Nitrogen fertilization continues
Soils with high organic matter content generally require less N (>8% O.M.) but always require nitrogen. This has been one of the major constraints to organic banana production at the export level.
Doses required 350-600 kg N/ha/year depending on soil texture, sandy soils require more N and applied more frequently.
Phosphorus Fertilization
Its function is as cell pH buffer; control of starch synthesis, in climacteric respiration during fruit ripening; energy (ATP) conductor; reduction of NADP to NADPH releasing energy for respiration, glycolysis and CO2 fixation; required for sucrose synthesis; phospholipid synthesis and cellulose formation.
P fertilization continues
Essential in storing energy as physis in seeds and fruits and constitutes organic molecules such as cell membrane phospholipids, lipoproteins, etc.
Banana requires relatively small amounts of P since there is a large transfer from mother to child, grandchild etc. and deficiencies of this element are rare after the first generation.
Optimum foliar levels are between 0.25- 0.30%.
P fertilization continues
P is essential in the establishment of the plantation (template) and its application is necessary at this stage, but given the transfer from mother to child, etc., its subsequent application is questionable.
Doses depend on the type of soil, in calcareous and clay soils (soils with poured properties) between 75 to 150 kg of P/ha are required. In acid soils such as ultisols and oxisols, high doses are also required. On loam, sandy loam and slightly acid to neutral pH soils, 50 kg K/ha are usually required.

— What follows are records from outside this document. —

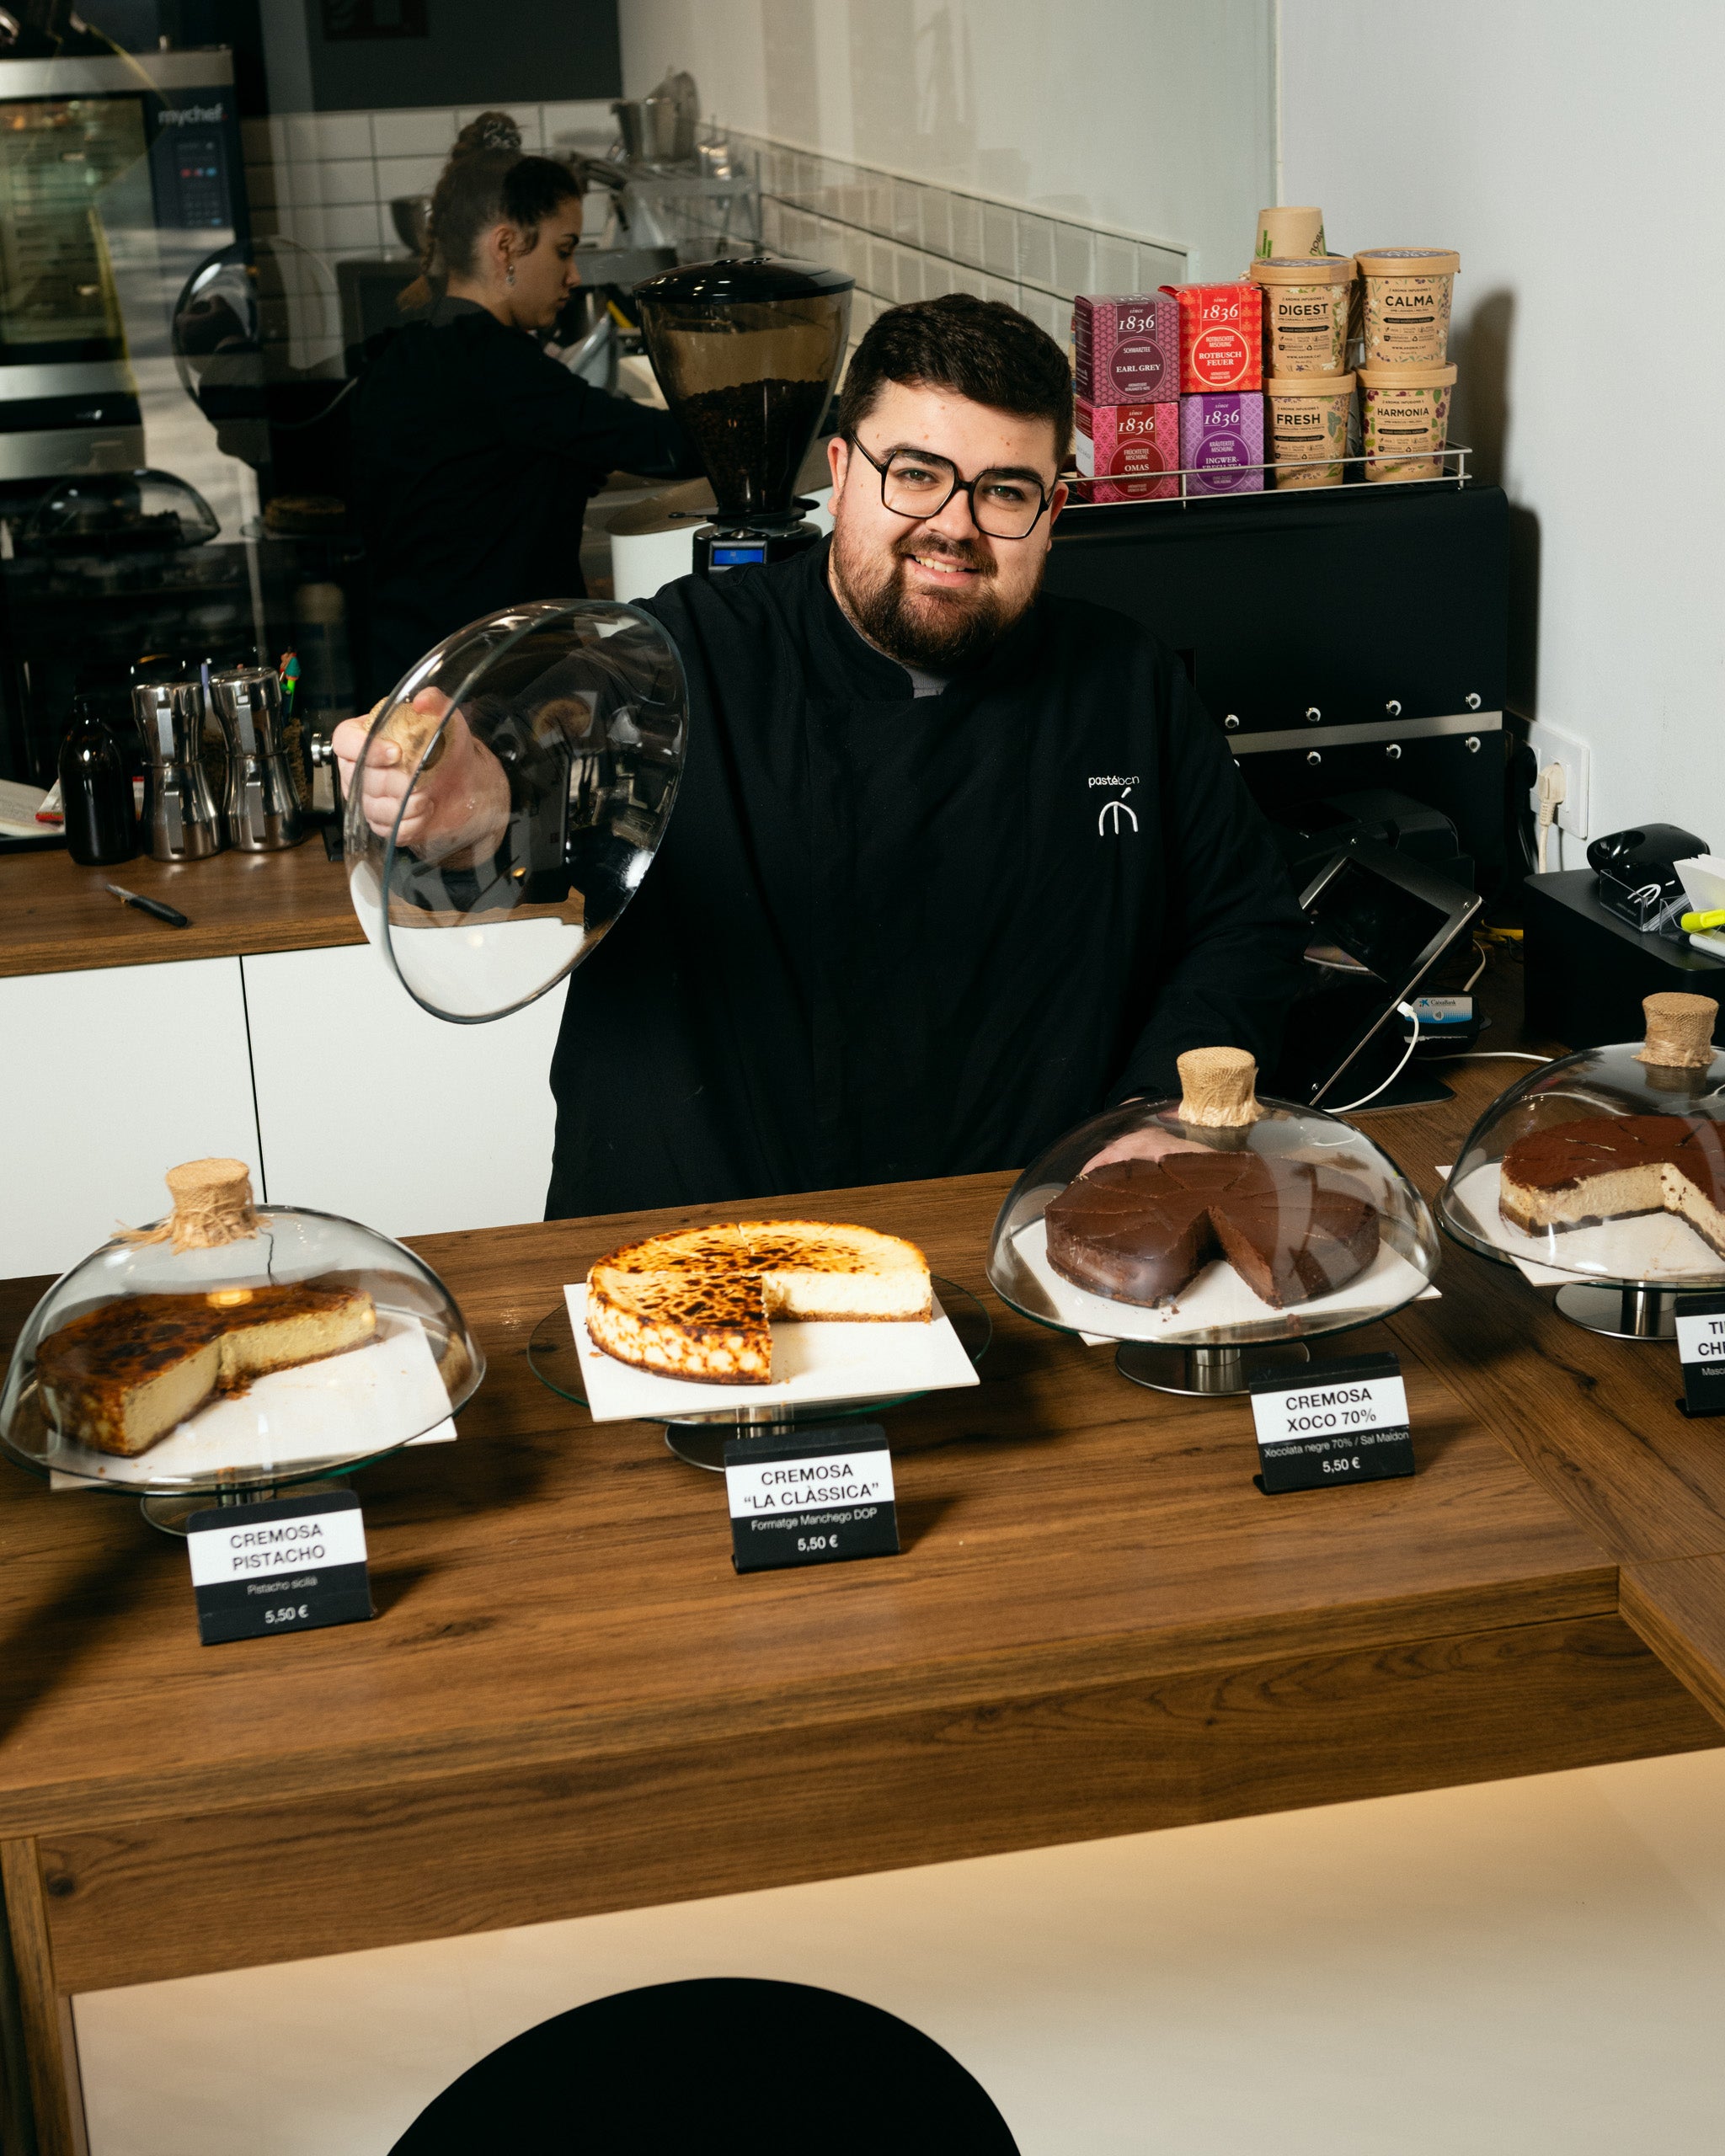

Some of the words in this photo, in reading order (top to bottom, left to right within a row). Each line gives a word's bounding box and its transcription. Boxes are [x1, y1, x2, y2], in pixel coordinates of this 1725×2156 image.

[1279, 303, 1328, 316] DIGEST
[1385, 295, 1434, 307] CALMA
[1203, 303, 1239, 322] 1836
[1118, 314, 1155, 334] 1836
[1199, 351, 1242, 360] ROTBUSCH
[1204, 408, 1240, 428] 1836
[1276, 414, 1321, 424] FRESH
[1377, 408, 1429, 417] HARMONIA
[1119, 416, 1155, 435] 1836
[1205, 456, 1239, 465] INGWER-
[1088, 775, 1140, 788] pastébcn
[1708, 1321, 1725, 1335] TI
[1285, 1388, 1372, 1411] CREMOSA
[1287, 1413, 1337, 1433] XOCO
[1341, 1408, 1376, 1425] 70%
[1264, 1444, 1304, 1459] Xocolata
[1305, 1442, 1331, 1454] negre
[1332, 1438, 1353, 1449] 70%
[1359, 1434, 1375, 1446] Sal
[1375, 1431, 1409, 1444] Maldon
[1322, 1459, 1349, 1474] 5,50
[1351, 1456, 1361, 1470] €
[761, 1464, 853, 1486] CREMOSA
[750, 1516, 798, 1531] Formatge
[800, 1510, 852, 1526] Manchego
[854, 1507, 878, 1520] DOP
[230, 1524, 323, 1549] CREMOSA
[797, 1538, 826, 1552] 5,50
[829, 1534, 839, 1548] €
[232, 1545, 326, 1571] PISTACHO
[247, 1581, 290, 1595] Pistacho
[264, 1607, 296, 1625] 5,50
[298, 1604, 309, 1619] €

Experience indicates that it is important to apply phosphorus in the first three generations at the indicated doses depending on the type of soil.
Potassium fertilization
In banana it is essential in keeping the plant hydrated and regulating the opening of the stomata; in the accumulation and translocation of newly synthesized carbohydrates and important in cellulose synthesis.
It can be said to be one of the most important elements in banana nutrition.
Fertility with k continues
K deficiency results in fruit that are underweight, short, thin and very susceptible to early maturity. K deficiency is perhaps the most damaging nutritional factor to the banana industry worldwide.
Optimal foliar levels are between 3.5 and 4.0%, with great benefits in maintaining them around 4% mainly where water stresses and low temperatures are present.
Fertilization with k continues
The mineralogy and the amount of clay have a great influence on the bioavailability of K and P. In banana, soils rich in Iite significantly fix K as well as clay soils rich in smectic. - The required doses are as follows: Ilite-rich soils between 750 to 1200 kg K/ha/year. In smectic clay soils 650 to 900 kg of K/ha. In loam soils of mixed mineralogy, friable 550 kg/ha/year. The most common source of fertilizer is KCL, but in saline and/or sodic soils potassium sulfate should be used and chlorides should be avoided. K uptake as well as P uptake is highly influenced by soil compaction and massiveness, so working with soils with morphological and physical properties is very important. Foliar applications in the form of chelates and metalosates are highly desirable mainly in the dry and/or cold season.
Calcium fertilization
Ca is essential in the formation of calcium pectate which is an important part of the fruit epidermis and in the formation of new meristematic culture.
In banana its deficiency results in deformed leaves in seedling and in growth deficiency with deformation of the apical meristematic point.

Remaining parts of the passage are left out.